Notes
comment phase of the algorithm for official document
Source Code
here can get more information from source code
https://github.com/opencv/opencv_contrib/blob/master/modules/xfeatures2d/src/sift.cpp
1. Scale-space Extrema Detection
1-1. Pyramids & Octaves
- Source Code Hint: buildGaussianPyramid()
process the input image to a scale Pyramids then in each scale layer, multiple the image with GaussBlur in different sigma
the group of the same scale including different GaussBlur result is called “octave”
in this step algorithm transform a single image to Pyramids layer count * Octaves count images
1-2. Create DoG(Difference of Gaussian) in octaves
- Source Code Hint: buildDoGPyramid()
the algorithm use DoG to replace LoG(Laplacian of Gaussian) to save time
in step 1-1, images in each octave are GaussBlur result the algorithm need is “Difference of Gaussian” to make the different gauss image need subtract adjacent GaussBlur image
in the document illustrated, each octave count from 5 to 4 after subtract
in the source code , nOctaveLayers+3 become nOctaveLayers+2 in function buildDoGPyramidComputer
1-3. Find extreme point from multiple layer space
- Source Code Hint: findScaleSpaceExtremaComputer()-operator()
- Key Role: make the SIFT get Scale Invariable ability
after preparing the DoG images in an octave of one scale, search the extreme point of local comparing the pixel near the target point to find the extreme value
near area means the 8 neighbor pixels, the 9 pixels above, and the 9 pixels underneath
which means 1 pixel should compare with 8+9+9 = 26 pixels in close space from source code you can see a huge if condition near the line 635 then take a threshold to filter the potential points with extrema value
2. Key point Localization
2-1. Refine the potential points to keypoint
- Source Code Hint: adjustLocalExtrema()
the step 1-3 extreme points are not the keypoints, because of edges effect we need to refine the keypoints to get more accurate points.

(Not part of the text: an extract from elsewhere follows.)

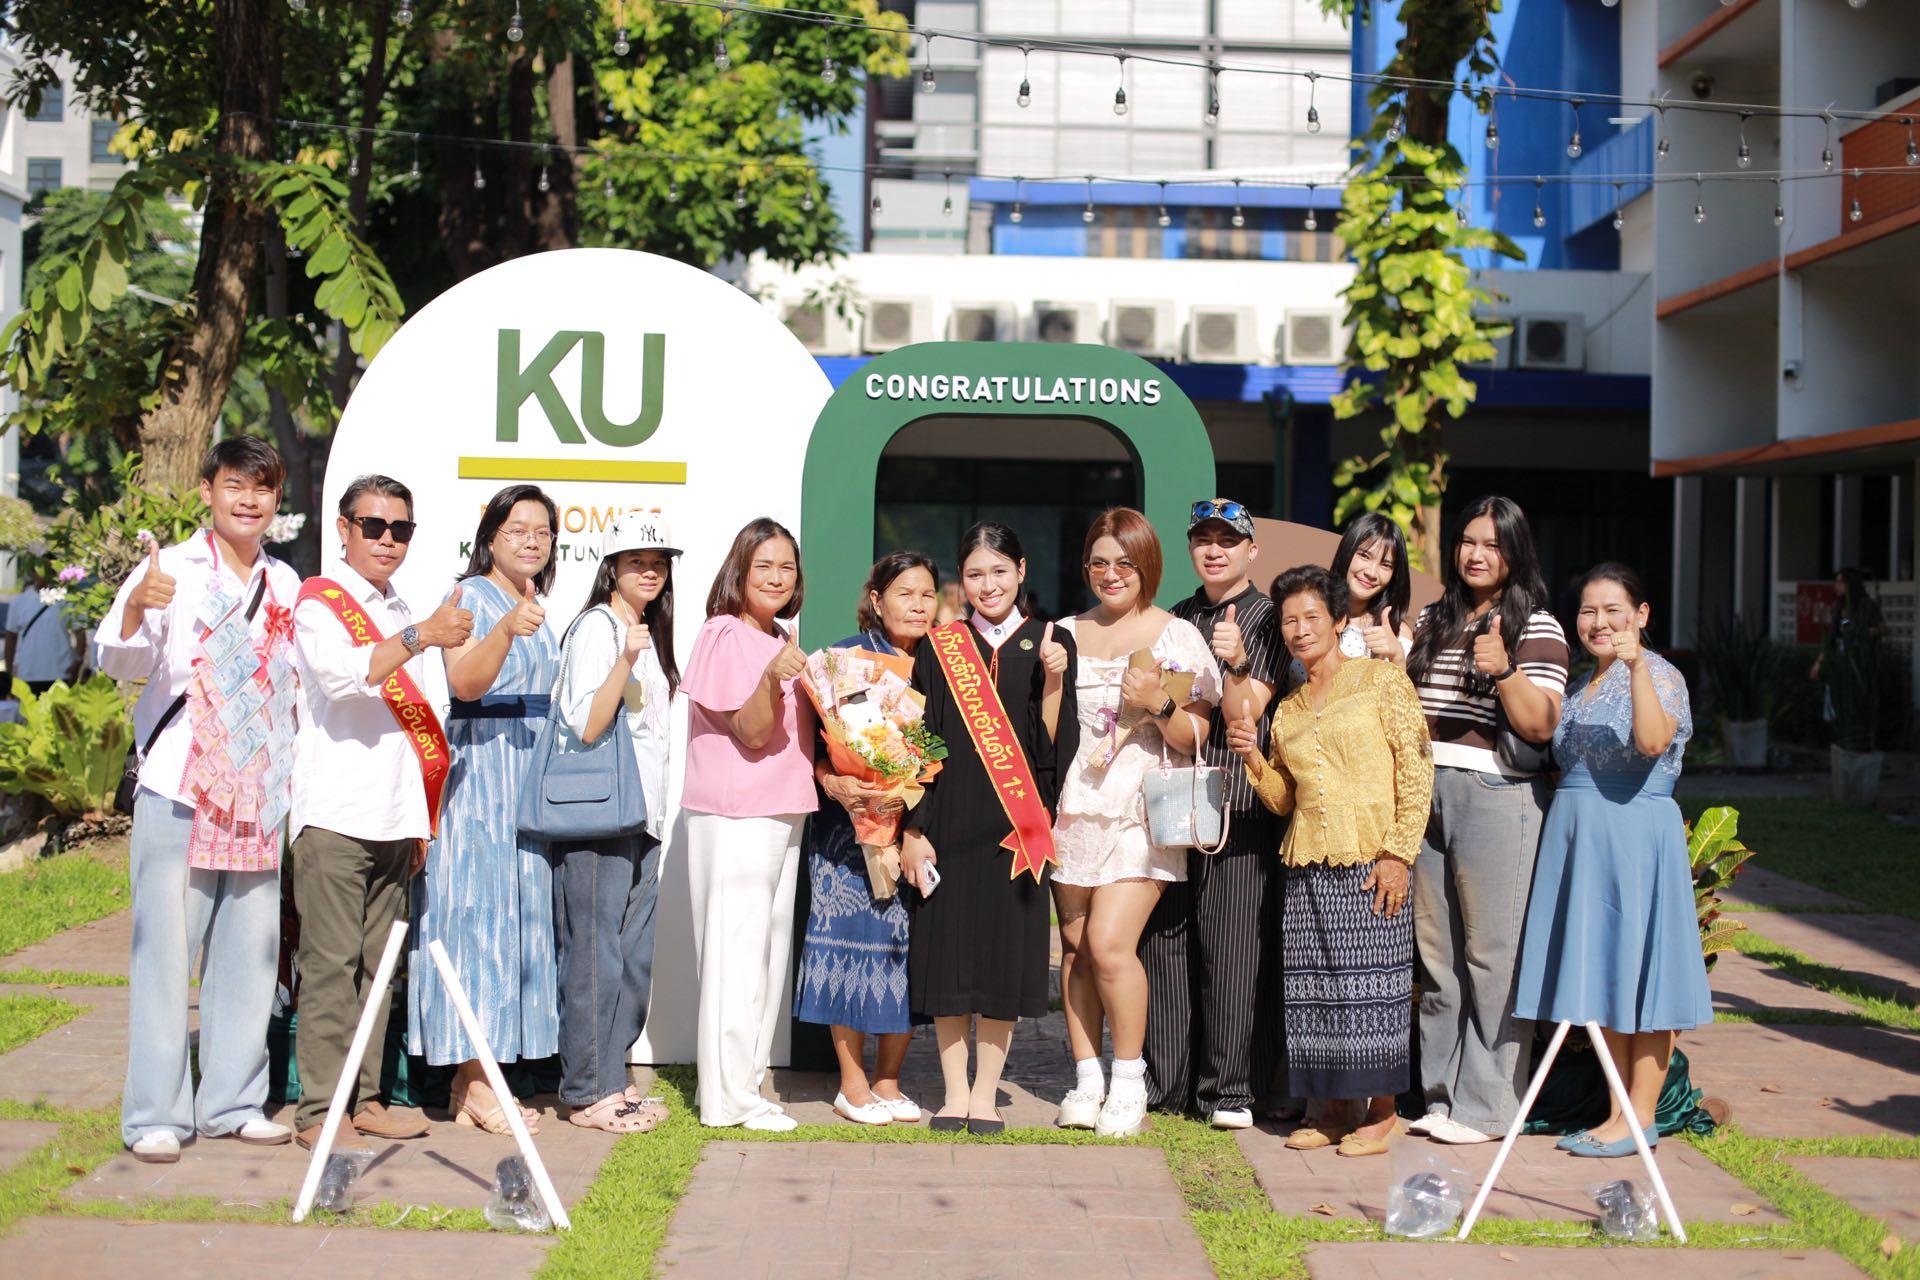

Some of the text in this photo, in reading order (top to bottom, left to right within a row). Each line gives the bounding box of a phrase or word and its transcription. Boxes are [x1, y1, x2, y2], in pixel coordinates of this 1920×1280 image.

the method is to use Taylor series expansion (to understand this, we need more mathematic knowledge) then pick up a threshold to filter the result.
the result of stage1 is the keypoint in the Pyramids * Octaves space, not a flat image
2-2. Flatten the keypoints to origin size coordinate
- Source Code Hint: adjustLocalExtrema()
the stage2 is flattening those points to the origin image coordinate, so that we can do the “Orientation Assignment” step, near line 569, you can examine assigning of point (x, y)
3. Orientation Assignment
3-1. Use 36 bins histogram to calculate the main direction
- Source Code Hint: calcOrientationHist()

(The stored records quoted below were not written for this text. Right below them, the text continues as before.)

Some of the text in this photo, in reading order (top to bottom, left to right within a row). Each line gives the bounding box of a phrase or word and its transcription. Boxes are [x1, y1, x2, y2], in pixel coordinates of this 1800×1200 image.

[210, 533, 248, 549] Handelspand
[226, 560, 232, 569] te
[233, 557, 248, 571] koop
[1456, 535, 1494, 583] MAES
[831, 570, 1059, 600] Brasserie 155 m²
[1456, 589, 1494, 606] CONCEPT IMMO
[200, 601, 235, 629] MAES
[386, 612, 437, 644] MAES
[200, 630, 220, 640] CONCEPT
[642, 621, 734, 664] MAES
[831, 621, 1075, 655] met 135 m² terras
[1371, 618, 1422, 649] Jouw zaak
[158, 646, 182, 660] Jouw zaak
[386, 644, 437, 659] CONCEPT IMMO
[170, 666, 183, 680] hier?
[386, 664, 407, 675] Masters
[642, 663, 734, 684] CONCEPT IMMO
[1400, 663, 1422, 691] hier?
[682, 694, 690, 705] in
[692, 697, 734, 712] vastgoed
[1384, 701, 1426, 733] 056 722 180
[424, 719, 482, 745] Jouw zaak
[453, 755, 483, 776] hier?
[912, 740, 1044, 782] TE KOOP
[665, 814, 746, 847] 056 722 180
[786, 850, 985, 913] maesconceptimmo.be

- Key Role: make the SIFT get Rotate Invariable ability
loop the keypoint, remove the duplicate point.
A neighborhood is taken around the keypoint, calculate the gradient, divide 360 degrees to 36 bins to generate a histogram.
- take the max value as the main direction
- keep the 80% value of max as an associate direction
then whatever the image rotate, the same area main orientation will not change
4. Keypoint Descriptor
4-1. Neighborhood pixels & Rotate
- Source Code Hint: calcOrientationHist()

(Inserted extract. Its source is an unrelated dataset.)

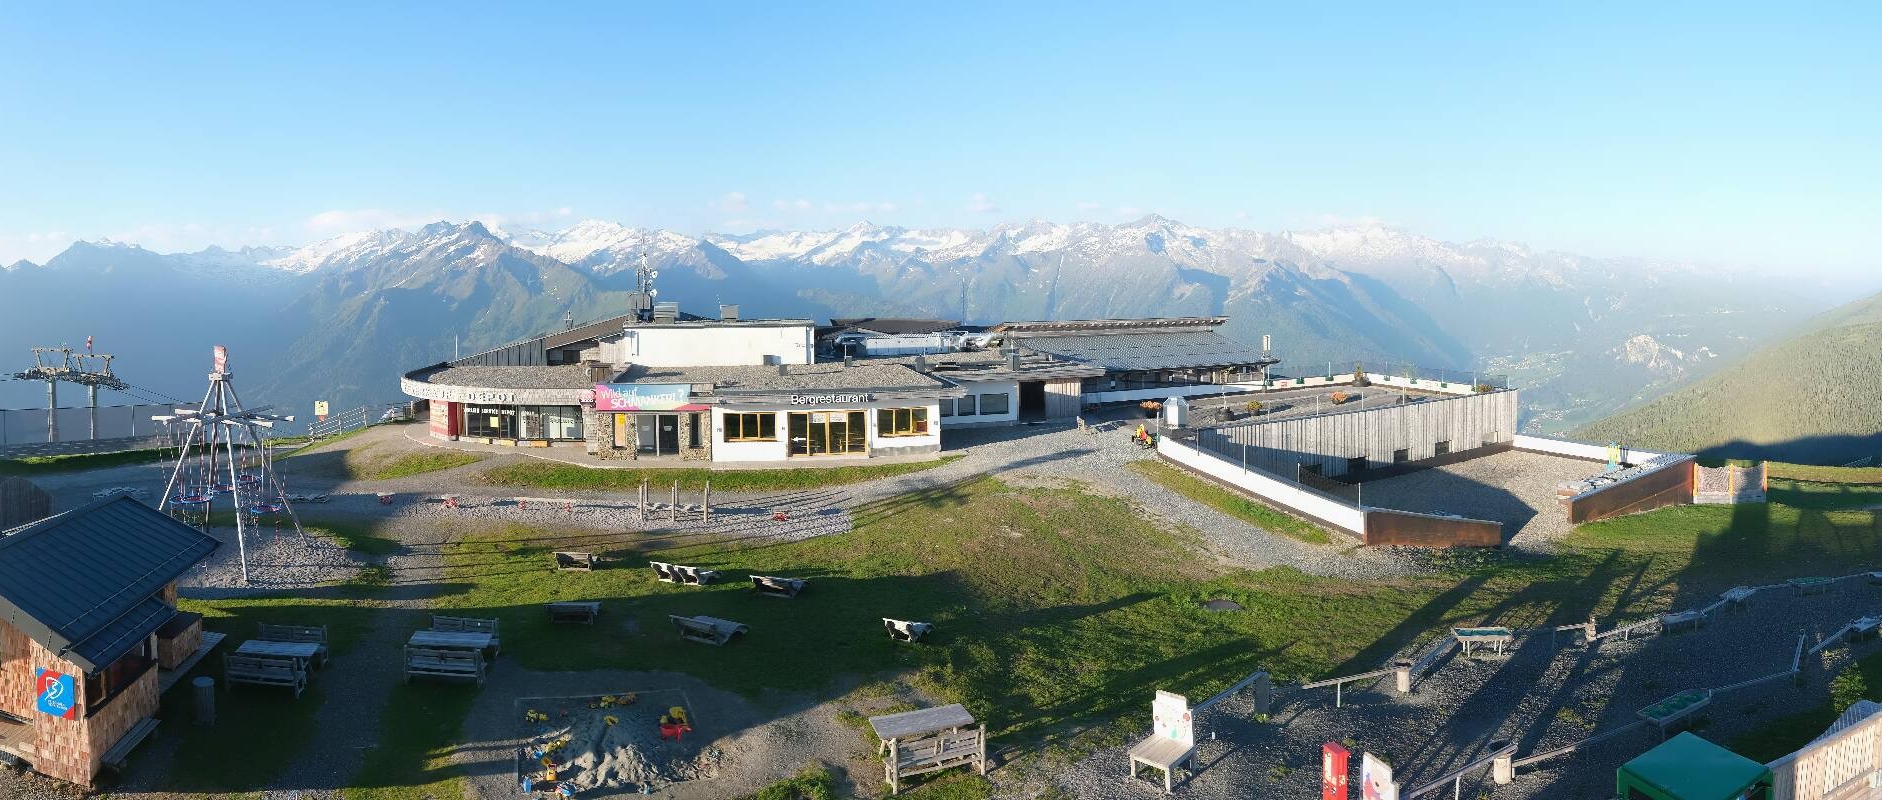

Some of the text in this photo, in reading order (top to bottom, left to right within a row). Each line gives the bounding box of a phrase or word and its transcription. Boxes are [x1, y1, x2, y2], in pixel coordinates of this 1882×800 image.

once the orientation is made, use the 16*16 pixel square with the keypoint as center calculate descriptor.
divide the 16*16 square to 16 small square (call it “block”) with 4*4 size, each pixel in the block calculate the gradient, then 16 gradient number is token at one block
4-2. The second histogram with 8 bins
- Source Code Hint: calcSIFTDescriptor() + SIFT_DESCR_HIST_BINS
now we need a new histogram to represent the block, not the same histogram in step 3-1
block histogram use 8 bins represent 360 degree, the reason using 8 bins is there are only 16 candidate gradient in a block
4-3. Assemble the block histogram to the descriptor
- Source Code Hint: calcSIFTDescriptor() + float* dst
calculate each block histogram with 8 bins, store the 8 bins value to last parameter dst, 16 * 16 divided to 16 blocks
the final descriptor is a vector with 16 * 8 = 128 size, every 8 elements of this vector represent a block histogram
5. Keypoint Matching
this step is not the SIFT algorithm itself
it emphasizes algorithm is used for stitching images, should pick an appropriate threshold to get a better result.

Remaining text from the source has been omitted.